Uncut Magazine
February 2002
Woodrell and Pelecanos are widely written-up as two of America's finest young crime writers, genre specialists in a tradition that is for many defined by Dashiell Hammett and Raymond Chandler, and to an extent their early work in many ways conformed to the popular idea of the archetypal American thriller. But their recent books and the people in them are worlds apart from the classic wisecracking style for which Chandler, especially, provided the brilliant template, the bristling blueprint of laconic nobody under complicated duress.

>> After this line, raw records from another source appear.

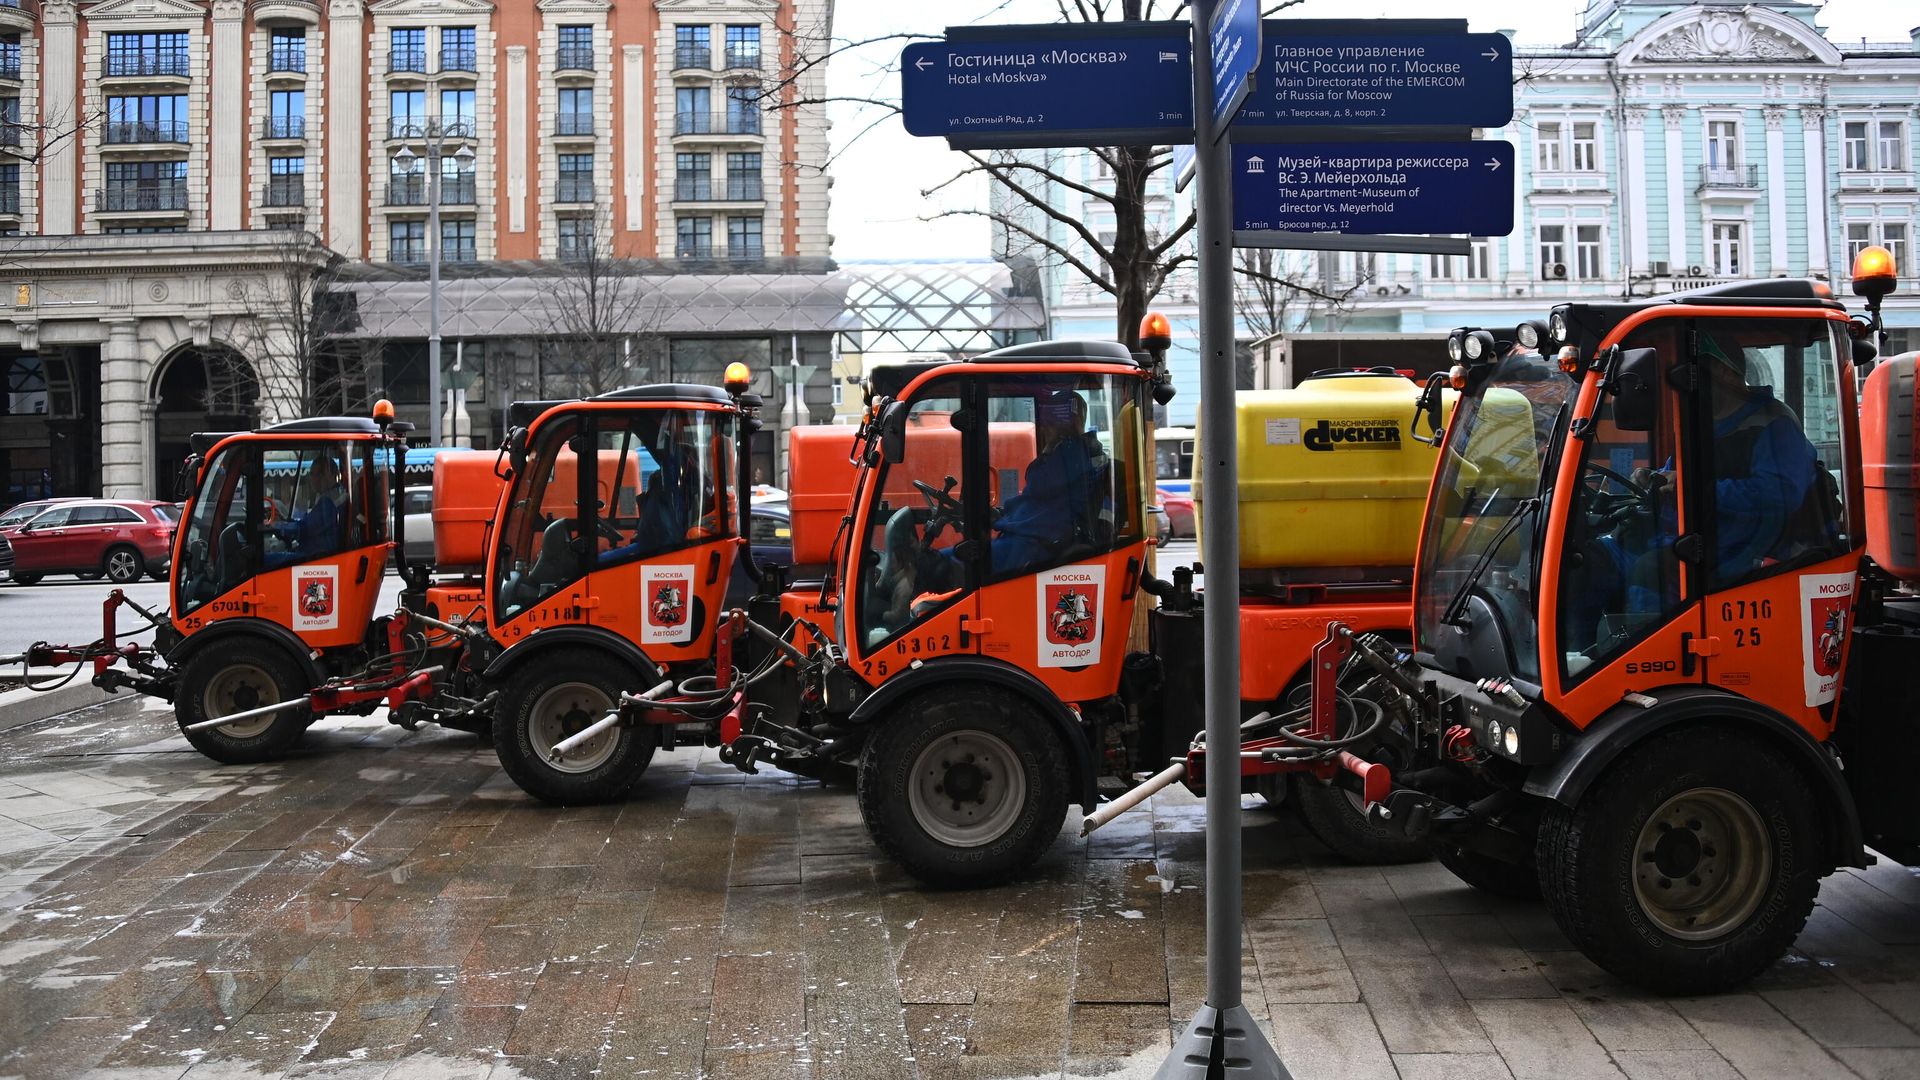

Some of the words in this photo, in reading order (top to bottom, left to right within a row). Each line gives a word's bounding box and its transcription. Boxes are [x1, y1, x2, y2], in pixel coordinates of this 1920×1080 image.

[948, 52, 1036, 68] Гостиница
[1041, 49, 1128, 64] «Москва»
[1275, 45, 1333, 58] Главное
[1338, 48, 1425, 60] управление
[1276, 61, 1310, 73] МЧС
[1314, 61, 1364, 73] России
[1369, 64, 1387, 73] по
[1392, 64, 1400, 73] г.
[1406, 60, 1461, 73] Москве
[948, 72, 981, 84] Hotal
[984, 72, 1047, 84] «Moskva»
[1276, 77, 1303, 87] Main
[1307, 76, 1368, 87] Directorate
[1371, 76, 1384, 87] of
[1385, 76, 1404, 87] the
[1406, 77, 1465, 86] EMERCOM
[1276, 90, 1288, 100] of
[1290, 90, 1324, 100] Russia
[1328, 90, 1344, 100] for
[1346, 90, 1392, 100] Moscow
[949, 118, 961, 126] ул.
[964, 114, 1003, 124] Охотный
[1006, 114, 1025, 125] Ряд,
[1027, 116, 1036, 124] д.
[1038, 114, 1044, 122] 2
[1159, 112, 1164, 120] 3
[1166, 112, 1182, 120] min
[1242, 110, 1246, 118] 7
[1248, 110, 1264, 118] min
[1276, 110, 1288, 119] ул.
[1291, 109, 1332, 118] Тверская,
[1334, 110, 1344, 118] д.
[1345, 109, 1352, 118] 8,
[1355, 110, 1378, 119] корп.
[1278, 156, 1392, 170] Музей-квартира
[1396, 158, 1470, 170] режиссера
[1278, 172, 1298, 184] Вс.
[1300, 172, 1311, 184] Э.
[1314, 172, 1406, 186] Мейерхольда
[1278, 188, 1298, 198] The
[1300, 188, 1406, 200] Apartment-Museum
[1409, 187, 1420, 197] of
[1280, 203, 1321, 213] director
[1324, 204, 1338, 212] Vs.
[1340, 202, 1394, 214] Meyerhold
[1252, 220, 1269, 228] min
[1278, 220, 1310, 230] Брюсов
[1331, 222, 1339, 230] д.
[1340, 220, 1350, 228] 12
[1054, 574, 1092, 582] МОСКВА
[448, 594, 485, 602] HOLD
[212, 602, 240, 612] 6701
[1722, 600, 1772, 622] 6716
[185, 618, 200, 628] 25
[1734, 627, 1760, 648] 25
[897, 634, 950, 654] 6362
[1052, 650, 1090, 658] АВТОДОР
[864, 661, 888, 676] 25
[1626, 663, 1638, 674] S
[1641, 660, 1676, 672] 990

Woodrell first came to prominence with the 'St. Bruno' trilogy - a trio of books set in a funky bayou town featuring maverick cop René Shade that had more than a little in common with the hard-boiled regionalism of, say, James Lee Burke. His last book, however, the tremendous Tomato Red, broke new ground. In it, pathetic small-time crook Sammy Barlach gets involved with a family of helpless white trash losers, whose already impoverished lives are made poorer still by a cruel and uncaring local community that visits serial indignities upon them. For their refusal to submit weakly to the ways of a wretched world, they pay in the end a ghastly price, the book ending with a shocking act of violence.
Tomato Red was ultimately about the way that society devours those among its constituency who are most vulnerable, most expendable; are most easily lost, written off and destroyed. It was an unforgettable book, an extraordinary evocation of a fucked-up world, rotten to its heart, written with enormous lyricism and fuelled by a barely contained sense of outrage. Woodrell's anger at the way things often are clear on every page. You wondered - reading it for the second, third, fourth time - whether he could improve upon it. It's taken him a couple of years, but with The Death Of Sweet Mister, he surely has. It's a masterpiece.

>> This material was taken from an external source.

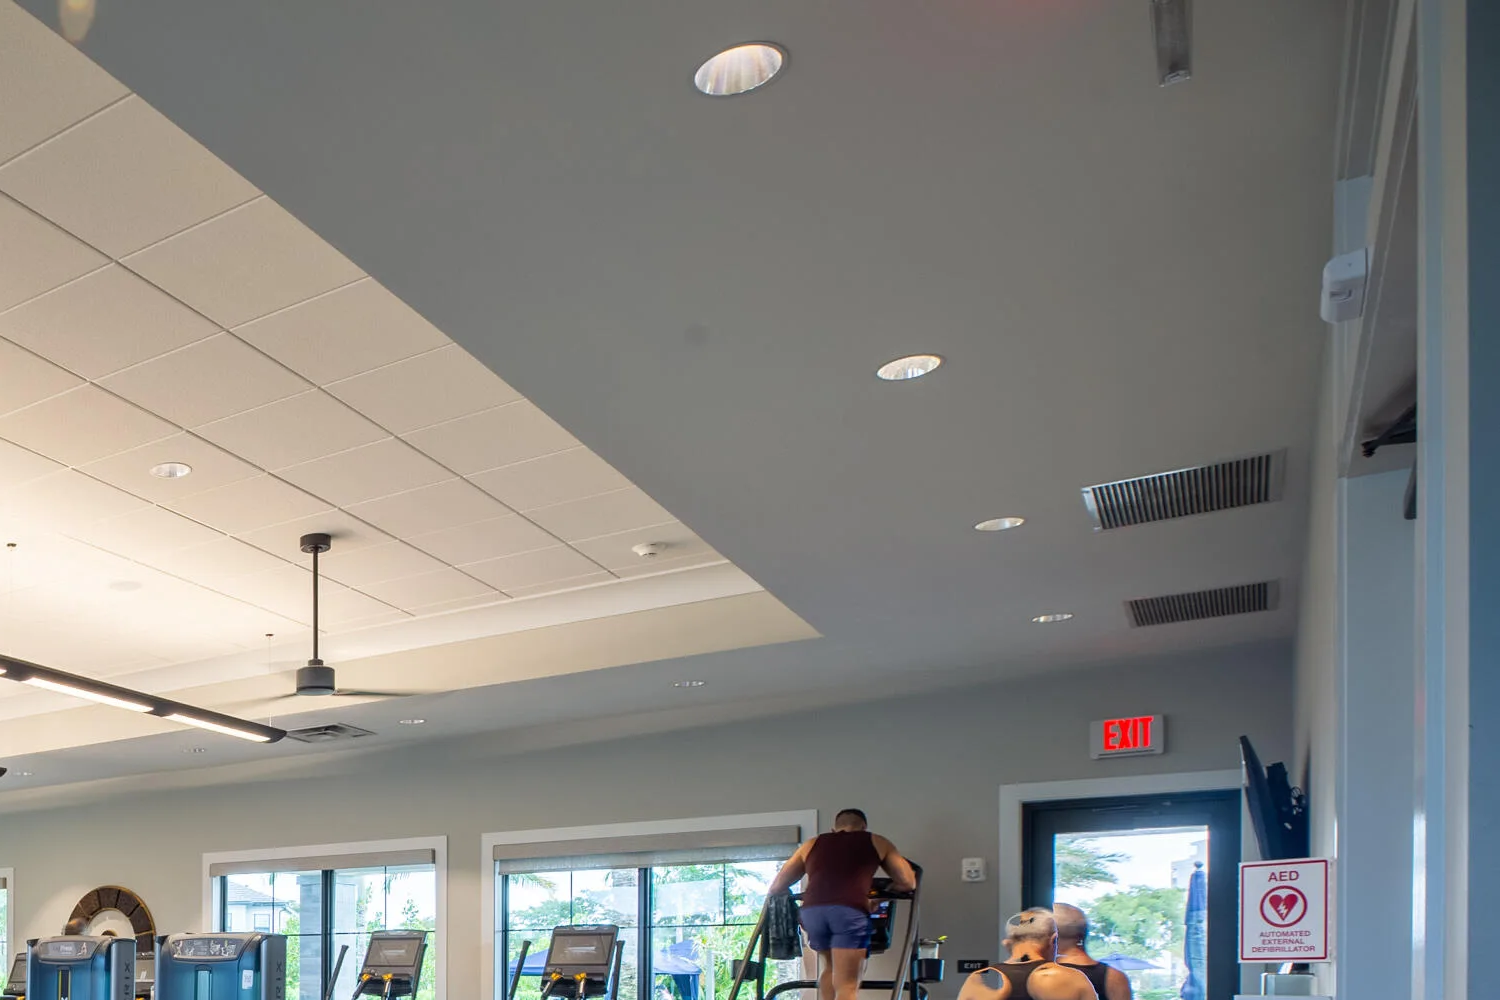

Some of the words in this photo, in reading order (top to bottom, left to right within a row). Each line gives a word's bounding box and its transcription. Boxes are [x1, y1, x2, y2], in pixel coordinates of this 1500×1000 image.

Sweet Mister is set in the same Missouri hill country as Tomat Red, and covers one summer in the life of a fat and lonely 13-year-old named Shug, who lives in the caretaker's cottage at the local cemetery with his addled, hard-drinking mother, Glenda, and REd, her vilent, criminally inclined, pill-popping husband.

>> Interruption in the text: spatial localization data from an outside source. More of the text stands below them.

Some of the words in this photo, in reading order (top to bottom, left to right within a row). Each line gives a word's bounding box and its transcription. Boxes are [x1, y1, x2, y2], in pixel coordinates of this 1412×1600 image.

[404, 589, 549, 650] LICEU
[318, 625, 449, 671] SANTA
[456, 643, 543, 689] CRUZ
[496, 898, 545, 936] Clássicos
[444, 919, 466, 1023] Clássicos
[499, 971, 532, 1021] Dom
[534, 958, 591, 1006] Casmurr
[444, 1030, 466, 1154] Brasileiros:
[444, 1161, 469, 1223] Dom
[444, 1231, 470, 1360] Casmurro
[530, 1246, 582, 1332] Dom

Woodrell brilliantly describes a ruined world of poverty, tough living and an habitual criminality into which Shug is irresistably drawn. He's used by Red and his appalling partner Basil to carry out burglaries and break-ins they are either too drunk or stoned to handle themselves. Shug's only reward for this incessant law-breaking usually being a fierce slapping. Shug is brutalisd by Red, loved too much by his desperate, worryingly amorous mother - another apparent innocent made weird and not quite dependable by a social order in which she and her kind are thought to be mere flotsam in the larger swarming sea of things.
As ever, Woodrell's prose is rich and exotic, as rhapsodic as Faulkner, Flannery O'Connor or Cormac McCarthy, expert in the vernacular of injured bewilderment. Shug's hesitation maturing nastily into an appalling cynicism as the terrible story develops in ways you weren't expecting and Shug's relationship with Glenda becomes more intimate, his longing for her assuming an erotic intensity that brings down a ton of woe on everybody.